Defendants are Washington State Ferries and Chris Blasko ("Blasko"). Complaint (Dkt. 1).
I. PROCEDURAL
On May 5, 2011, WSF moved the Court to grant summary judgment in its favor with respect to Plaintiff's ("Webster") claimed causes of action. Dkt. 9. On May 24, 2011, Webster responded in opposition to WSF's motion for summary judgment. Dkt. 14. On June 3, 2011, WSF replied. On June 29, 2011, the Court granted a motion for extension of time and renoted the instant motion for consideration on the Court's calendar for July 19, 2011. On July 15, 2011, Webster filed an additional response in opposition to WSF's motion for summary judgment. Dkt. 20.
II. FACTUAL BACKGROUND
This matter arises out of Webster's dispute with WSF over $375.04 in unpaid wages. Complaint (Dkt. 1) at 5. At all relevant times, the Washington State Ferries employed Webster as an unlicensed merchant seaman and assigned him to the Tacoma/Tahlequah, Vashon Island ferry run. Declaration of Blasko (Blasko Decl., Dkt. 10) ¶ 3. Being so employed, Webster is subject to the 2009-2011 Collective Bargaining Agreement ("CBA") between the State of Washington and the Marine Engineers' Beneficial Association for Unlicensed Engine Room Employees. Id. ¶ 4, Ex. 1 at 4-23. The CBA provides "the exclusive remedy with respect to any dispute arising between the Union and the Employer." Id. ¶ 10, Ex. 1 at 15-20 (rule 16 of the CBA).
Although WSF admits that it did not pay Webster these wages, it asserts that Webster failed to prepare the required paperwork to receive such wages. See id. Blasko is a Fleet Port Engineer for Washington State Ferries and was assigned to audit crewmembers' timesheets. Id. ¶ 2; see also id. ¶ 5, Ex. 2 at 22-44 (Section B of Ex. 2 describes payroll procedures, including specific instructions for filling out timesheets within a Washington State Ferries' publication).
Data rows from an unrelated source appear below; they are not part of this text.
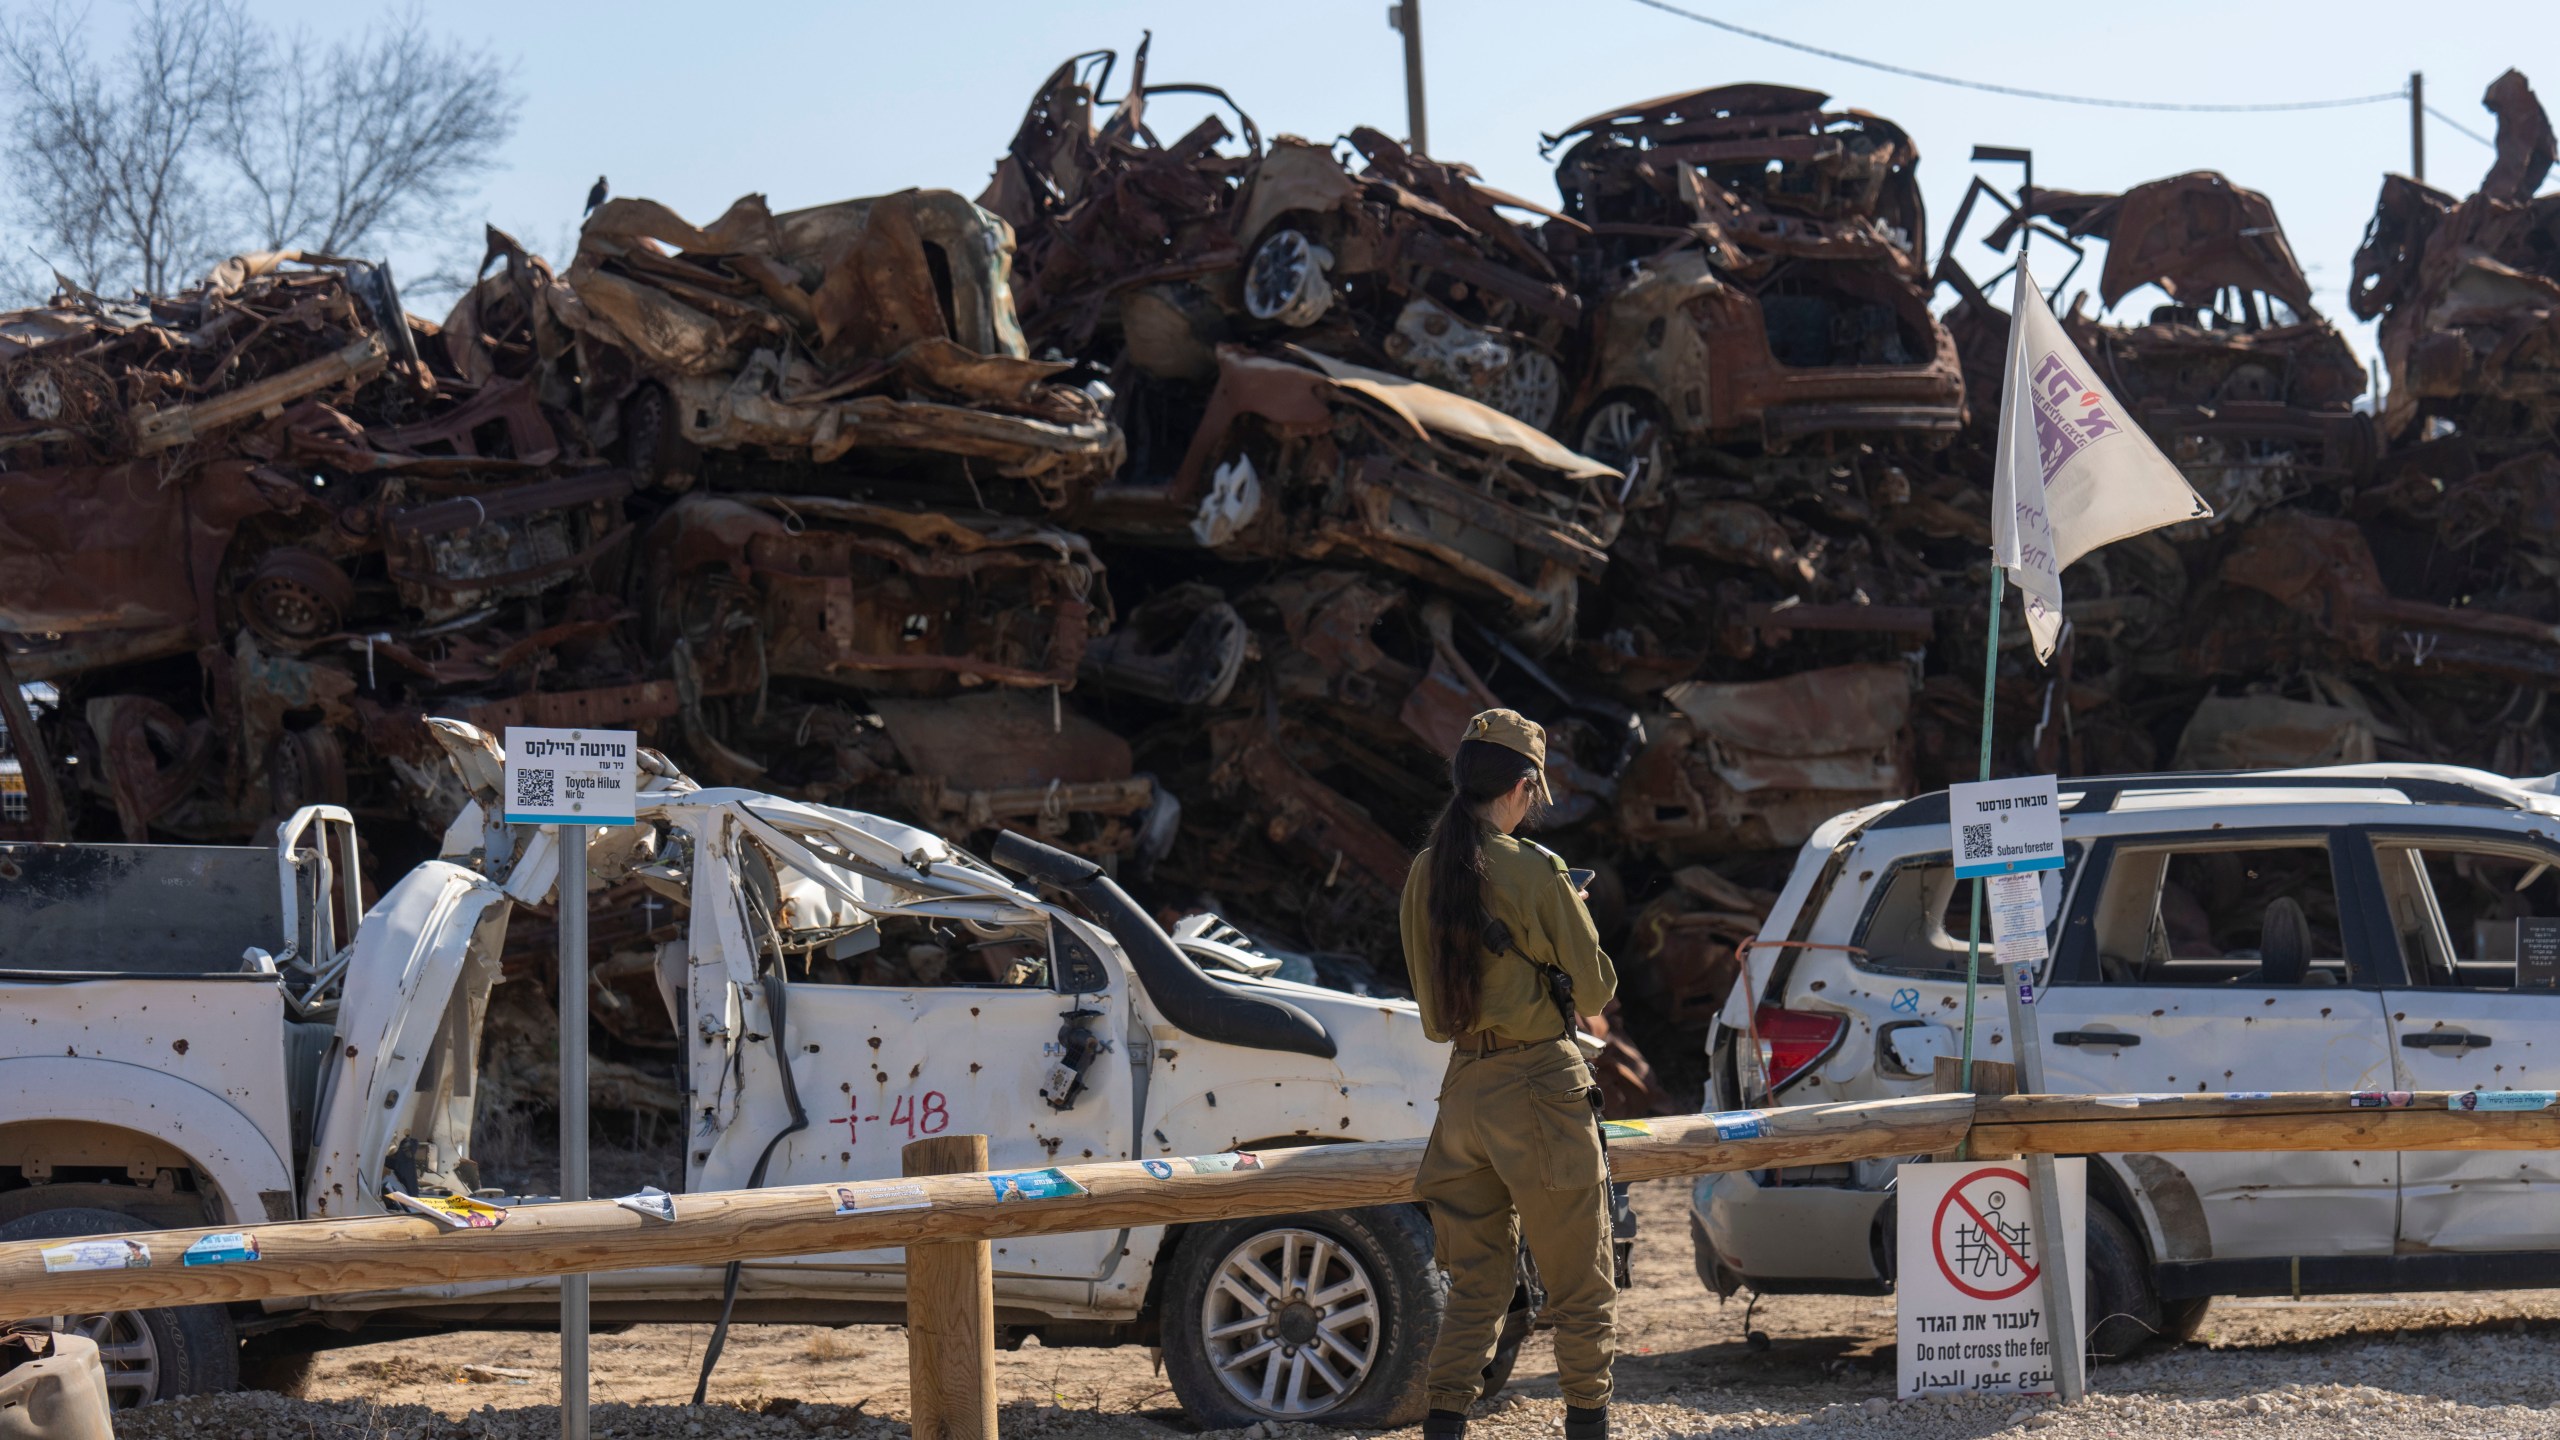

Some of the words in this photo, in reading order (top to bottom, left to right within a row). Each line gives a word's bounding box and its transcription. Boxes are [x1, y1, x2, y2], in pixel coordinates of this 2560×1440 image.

[525, 739, 575, 758] היילקס
[580, 742, 626, 757] טויוטה
[599, 760, 611, 769] עוז
[613, 761, 624, 770] ניר
[565, 776, 595, 791] Toyota
[597, 776, 621, 789] Hilux
[565, 790, 576, 799] Nir
[576, 791, 585, 799] Oz
[2015, 794, 2048, 809] סובארו
[1976, 798, 2011, 812] פורסטר
[1997, 843, 2024, 857] Subaru
[2024, 841, 2054, 854] forester
[1916, 1315, 1957, 1333] הגדר
[1962, 1313, 1986, 1331] את
[1992, 1309, 2040, 1330] לעבור
[1917, 1342, 1934, 1361] Do
[1938, 1341, 1961, 1360] not
[1964, 1342, 2002, 1359] cross
[2004, 1338, 2027, 1357] the
[1912, 1369, 1965, 1393] الجدار
[1971, 1370, 2012, 1390] عبور
WSF further asserts that it offered to remedy this matter with Webster but he declined and, instead, filed suit against WSF. Id. ¶ 9.
Based on the claimed unpaid wages, Webster asserts the following causes of action: (1) violation of 46 U.S.C. § 11109, the supremacy clause, and the Fourteenth Amendment; (2) violation of RCW 49.52.050(2) (willful and intentional deprivation of employee wages, in part or in whole). Complaint at 4-5. Webster requests relief in the amount of $375.04 and requests that amount to be doubled to $750.08. Complaint ¶ 21.
In support of its motion for summary judgment, WSF argues that summary judgment should be granted in its favor because (1) the Court lacks subject matter jurisdiction as to Webster's first cause of action; (2) Webster's pendant state law claims are barred for failure to exhaust his administrative remedies pursuant to the CBA; and alternatively (3) WSF has sovereign immunity from this action under the Eleventh Amendment of the United States Constitution. Dkt. 9 at 10.
III. DISCUSSION
A. Summary Judgment Standard
Summary judgment is proper only if the pleadings, the discovery and disclosure materials on file, and any affidavits show that there is no genuine issue as to any material fact and that the movant is entitled to judgment as a matter of law. Fed.R.Civ.P. 56(c). The moving party is entitled to judgment as a matter of law when the nonmoving party fails to make a sufficient showing on an essential element of a claim in the case on which the nonmoving party has the burden of proof. Celotex Corp. v. Catrett, 477 U.S. 317, 323 (1986). There is no genuine issue of fact for trial where the record, taken as a whole, could not lead a rational trier of fact to find for the nonmoving party. Matsushita Elec. Indus. Co. v. Zenith Radio Corp., 475 U.S. 574, 586 (1986) (nonmoving party must present specific, significant probative evidence, not simply "some metaphysical doubt"). See also Fed.R.Civ.P. 56(e). Conversely, a genuine dispute over a material fact exists if there is sufficient evidence supporting the claimed factual dispute, requiring a judge or jury to resolve the differing versions of the truth. Anderson v. Liberty Lobby, Inc., 477 U.S. 242, 253 (1986); T.W. Elec. Serv., Inc. v. Pac. Elec. Contractors Ass'n, 809 F.2d 626, 630 (9th Cir. 1987).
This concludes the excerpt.